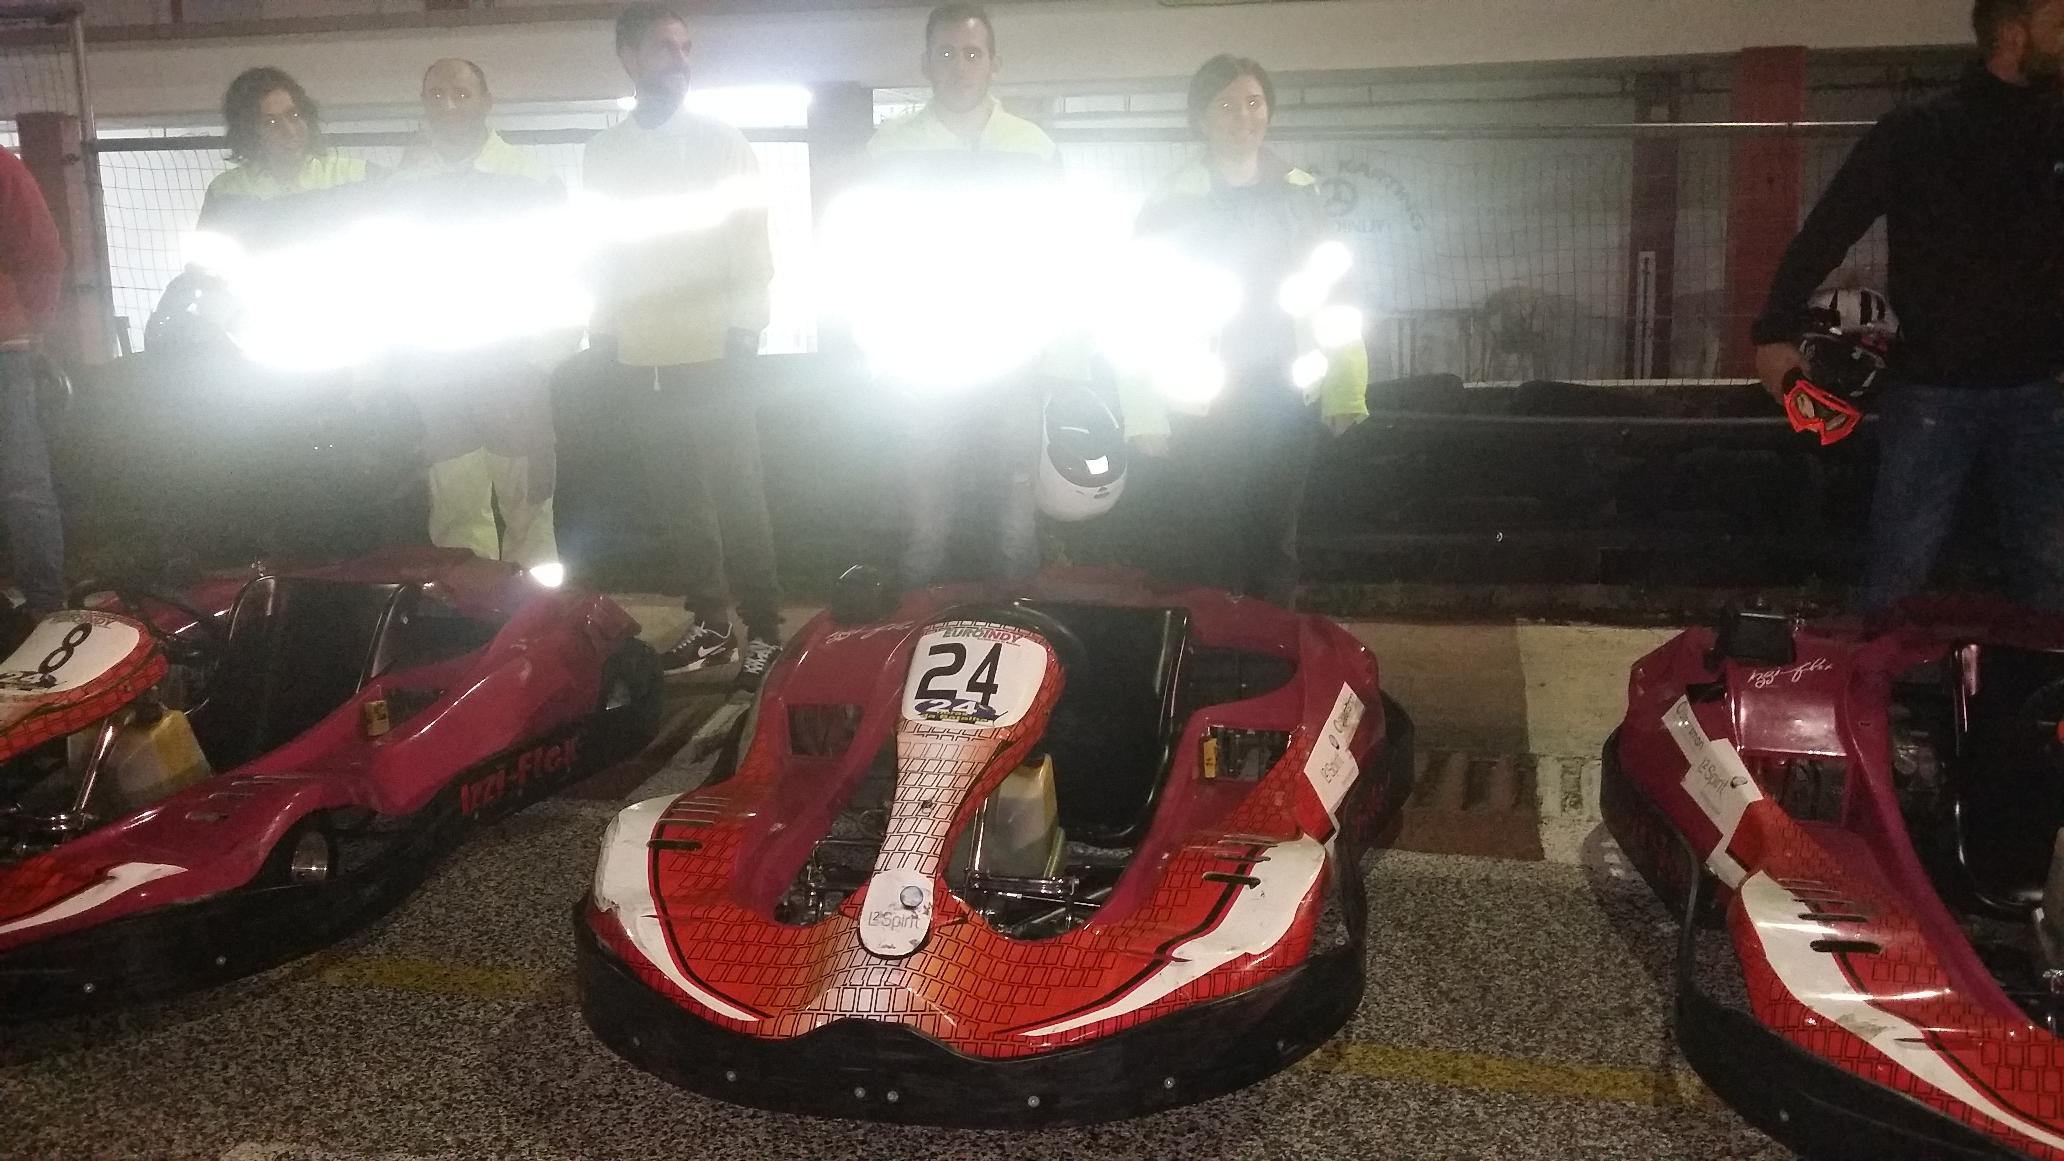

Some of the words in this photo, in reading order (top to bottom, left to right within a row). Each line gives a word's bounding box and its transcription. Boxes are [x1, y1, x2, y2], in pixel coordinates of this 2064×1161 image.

[38, 622, 93, 674] 8
[943, 626, 1021, 643] EUROINDY
[914, 642, 1003, 706] 24
[926, 698, 978, 715] 24
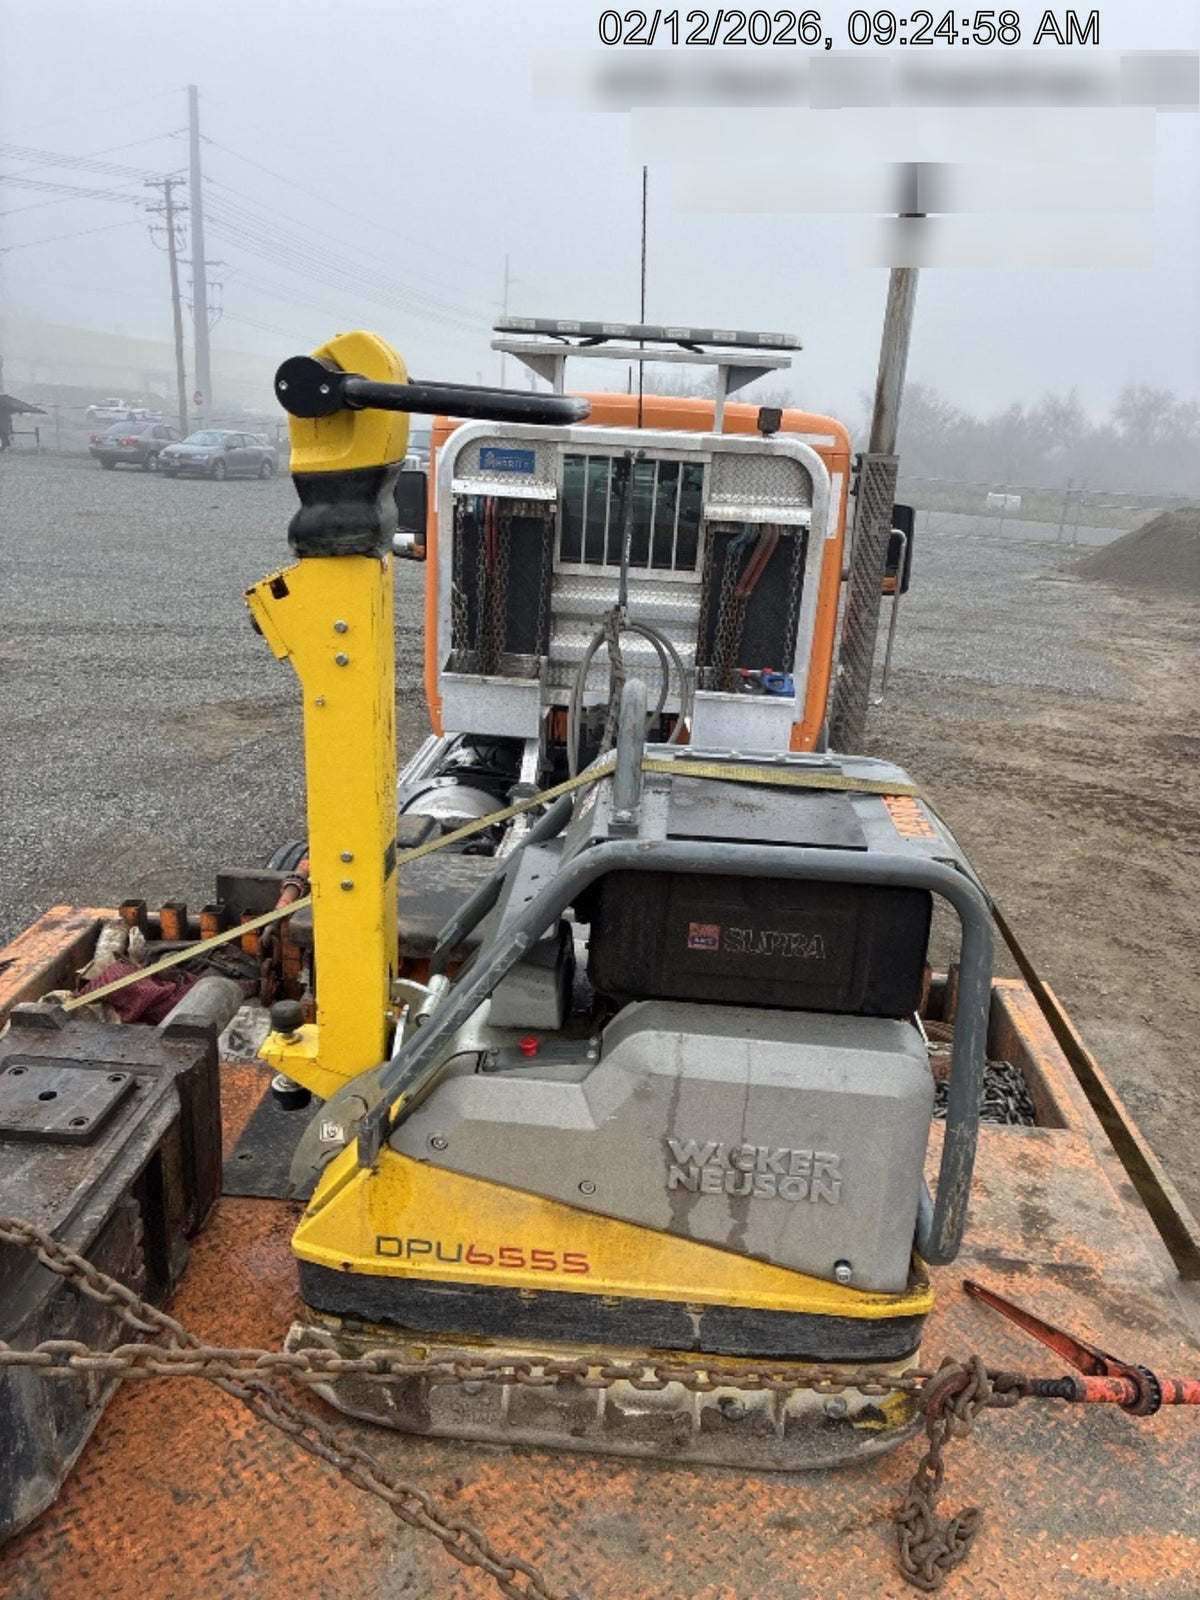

────────────────

◆ TASK STATEMENT
Give the listing again exactly, but omit each image.

◆ YOUR SOLUTION
Some of the words in this photo, in reading order (top to bottom, left to right within a row). Each line gives a word's bounding box and its transcription. Boxes are [x1, y1, x2, y2], in pixel coordinates of this 2064×1161 image.

[38, 622, 93, 674] 8
[943, 626, 1021, 643] EUROINDY
[914, 642, 1003, 706] 24
[926, 698, 978, 715] 24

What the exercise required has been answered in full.